Process metadata and description

Provider

Provider module containing the plugins wrapping data sources

Base class

class pygeoapi.provider.base.BaseProvider(provider_def)[source]

Bases: object

generic Provider ABC

__init__(provider_def)[source]

Initialize object

Parameters

provider_def – provider definition

Returns

pygeoapi.provider.base.BaseProvider

__repr__()[source]

Return repr(self).

__weakref__

list of weak references to the object (if defined)

_load_and_prepare_item(item, identifier=None, raise_if_exists=True)[source]

Helper function to load a record, detect its idenfier and prepare a record item

Parameters
  • itemstr of incoming item data

  • identifierstr of item identifier (optional)

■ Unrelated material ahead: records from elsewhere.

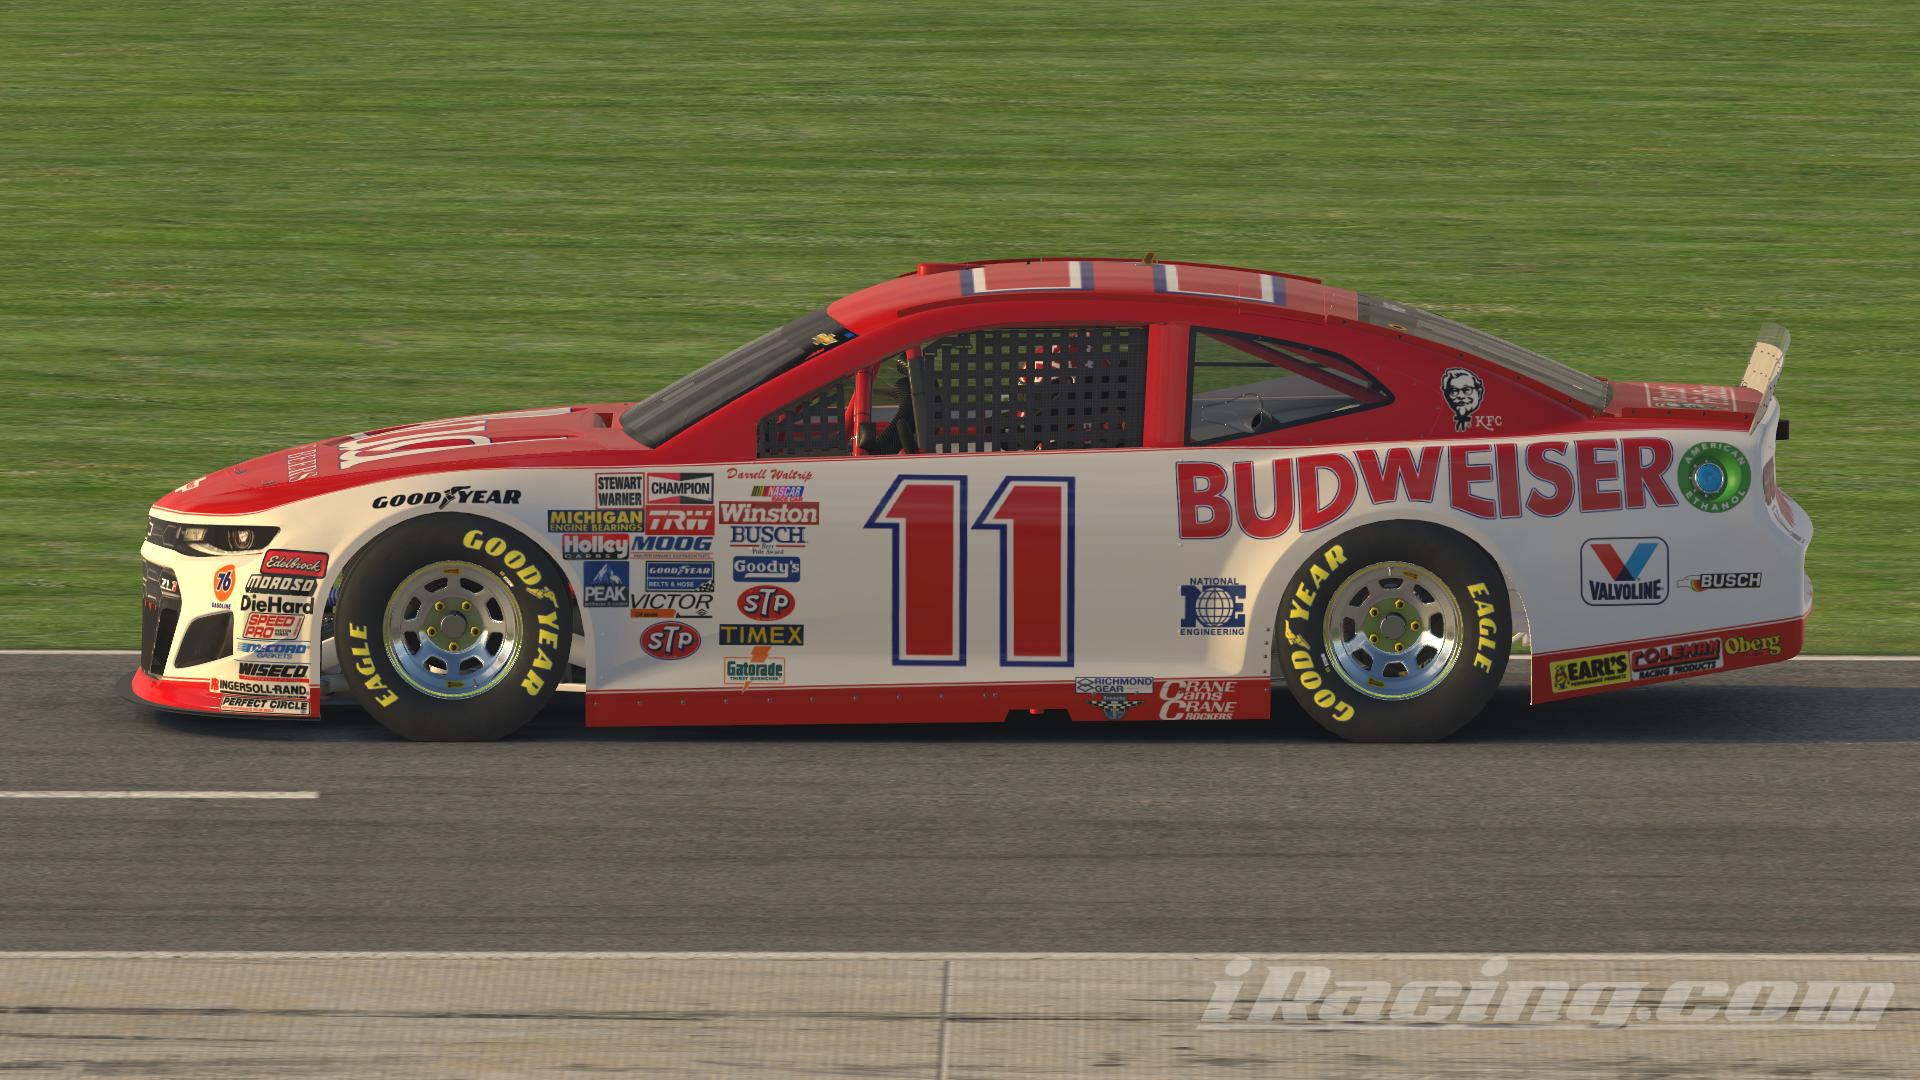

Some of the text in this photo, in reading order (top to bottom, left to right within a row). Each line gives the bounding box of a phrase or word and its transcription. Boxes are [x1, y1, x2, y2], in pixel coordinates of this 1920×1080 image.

[1475, 415, 1502, 432] KFC
[1685, 443, 1745, 464] AMERICAN
[598, 477, 642, 490] STEWART
[727, 468, 813, 482] Darrell Waltrip
[651, 482, 709, 495] CHAMPION
[768, 486, 801, 497] NASCAR
[1175, 437, 1679, 540] BUDWEISER
[372, 486, 522, 509] GOODYEAR
[598, 492, 642, 506] WARNER
[1686, 490, 1745, 511] ETHANOL
[550, 511, 643, 524] MICHIGAN
[649, 510, 712, 530] TRW
[720, 503, 817, 523] Winston
[550, 523, 643, 532] ENGINE BEARINGS
[730, 526, 806, 543] BUSCH
[563, 535, 628, 558] Holley
[632, 536, 712, 551] MOOG
[266, 556, 321, 572] Edelbrock
[649, 565, 711, 575] GOODYEAR
[734, 560, 800, 578] Goody's
[863, 475, 1075, 667] 11
[216, 572, 231, 591] 76
[247, 575, 314, 592] MOROSO
[1190, 577, 1239, 585] NATIONAL
[1701, 573, 1762, 588] BUSCH
[585, 586, 626, 601] PEAK
[1589, 579, 1661, 601] VALVOLINE
[241, 595, 314, 614] DieHard
[631, 594, 713, 609] VICTOR
[743, 588, 789, 616] STP
[250, 614, 295, 627] SPEED
[463, 529, 561, 696] GOODYEAR
[245, 626, 274, 638] PRO
[720, 626, 802, 644] TIMEX
[1180, 628, 1245, 636] ENGINEERING
[1285, 544, 1355, 721] GOODYEAR
[1466, 582, 1497, 674] EAGLE
[647, 626, 693, 655] STP
[1724, 635, 1781, 655] Oberg
[1632, 639, 1721, 671] COLEMAN
[239, 663, 308, 678] WISECO
[349, 623, 399, 708] EAGLE
[727, 661, 782, 676] Gatorade
[1567, 654, 1627, 680] EARL'S
[1639, 661, 1716, 679] RACING PRODUCTS
[220, 679, 307, 695] INGERSOLL-RAND
[1094, 677, 1152, 686] RICHMOND
[1095, 685, 1124, 693] GEAR
[1159, 680, 1238, 700] CRANE
[223, 697, 268, 708] PERFECT
[270, 700, 307, 710] CIRCLE
[1158, 701, 1238, 721] CRANE
[1186, 713, 1232, 721] ROCKERS

  • raise_if_existsbool of whether to check if record already exists

Returns

tuple of item identifier and item data/payload

create(item)[source]

Create a new item

Parameters

itemdict of new item

Returns

identifier of created item

delete(identifier)[source]

Deletes an existing item

Parameters

identifier – item id

Returns

bool of deletion result

get(identifier)[source]

query the provider by id

Parameters

identifier – feature id

Returns

dict of single GeoJSON feature

get_coverage_domainset()[source]

Provide coverage domainset

Returns

CIS JSON object of domainset metadata

get_coverage_rangetype()[source]

Provide coverage rangetype

Returns

CIS JSON object of rangetype metadata

get_data_path(baseurl, urlpath, dirpath)[source]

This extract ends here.